A própria definição de campo científico destinado à antropologia se constituiu em torno daquilo que consideramos domínio da cultura, aquele conteúdo aprendido, artificial, fora da

natureza. Já o interesse pela natureza, incluindo, os animais, ficou restrito à abordagem das representações elaboradas pelo humano, bem como das relações que estes estabelecem com tais objetos. A natureza e os animais, como externos ao homem, são coisificados, objetificados, neutralizados na categoria do inato, do hereditário, do inexorável, para servirem à reflexão antropológica. Foi assim durante a investida de autores clássicos que trataram deste conteúdo (animais e natureza) em sociedades exóticas.
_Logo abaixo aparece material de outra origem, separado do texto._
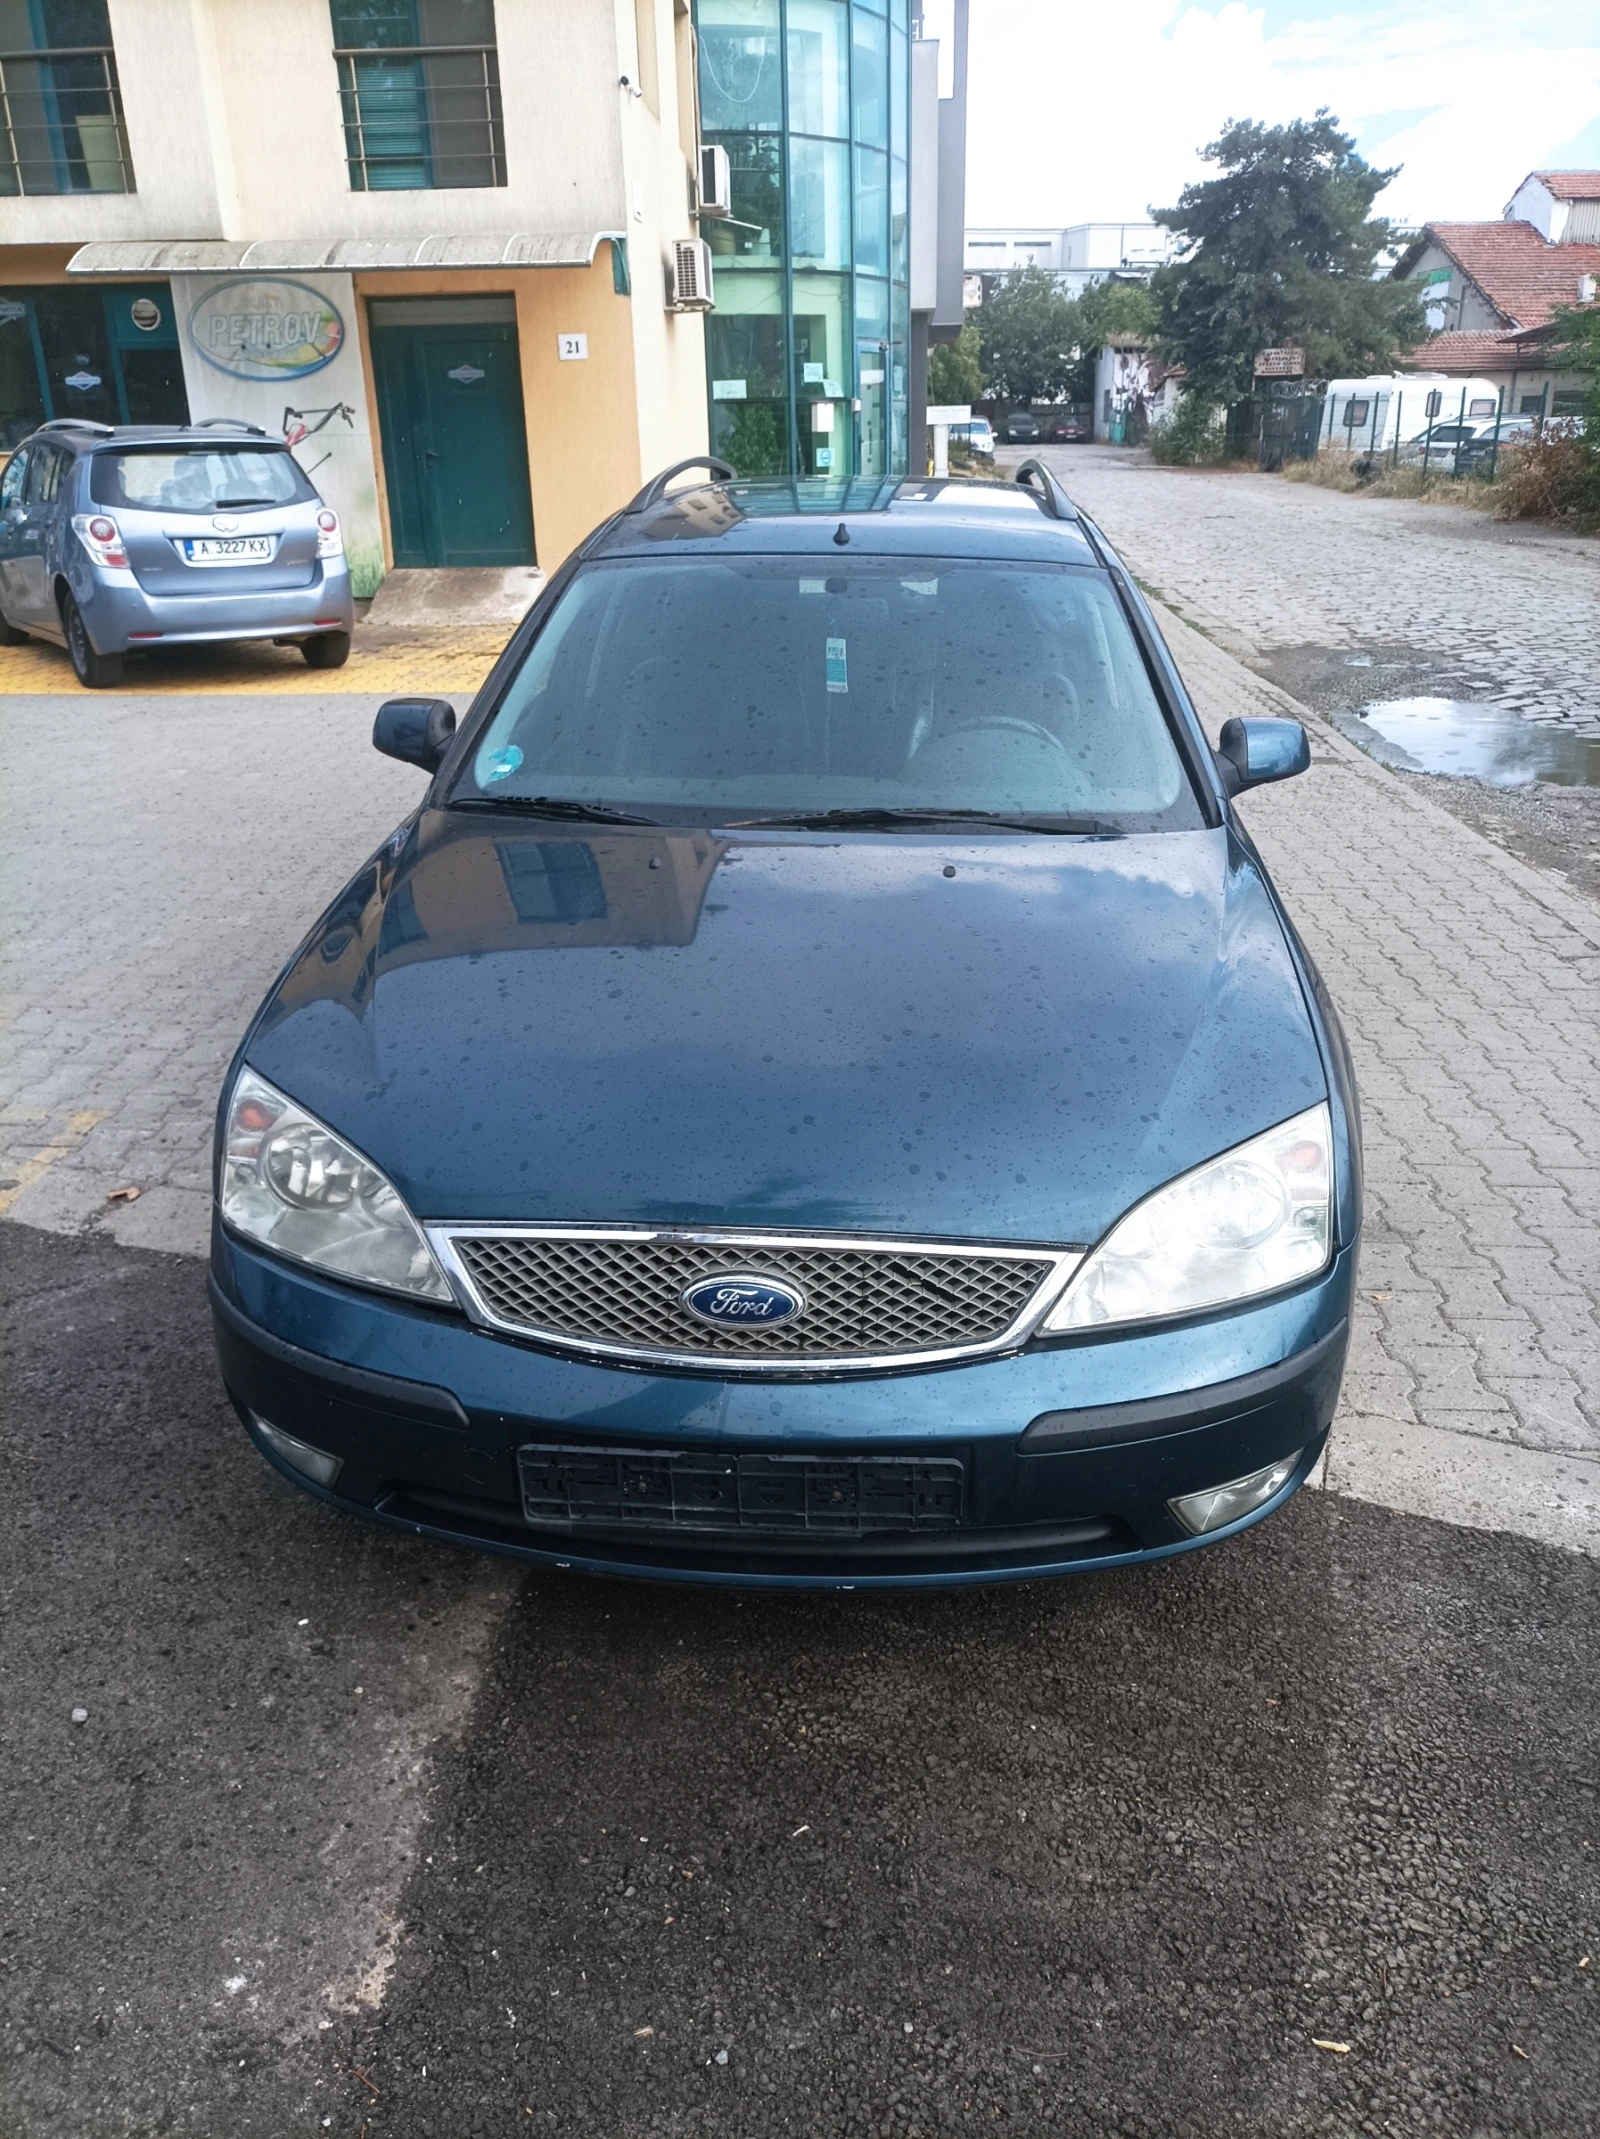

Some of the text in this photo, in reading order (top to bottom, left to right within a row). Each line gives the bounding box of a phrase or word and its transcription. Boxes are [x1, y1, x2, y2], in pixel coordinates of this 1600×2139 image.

São muitas as abordagens sobre o tema nas etnografias clássicas que investigavam a totalidade da vida social dos grupos humanos em sociedades distantes. E seja pelo prisma simbólico ou materialista, o interesse sobre os animais e sobre a natureza era tido como parte do interesse maior de compreensão dos fenômenos humanos. O olhar lançado a outros seres aparece subordinado à perspectiva humana dessa relação; não a natureza pela natureza, ou os animais pelos animais, mas o que os humanos de um determinado grupo pensam, agem e como se relacionam com a natureza e com os animais. É a isso que este trabalho se dedica afinal.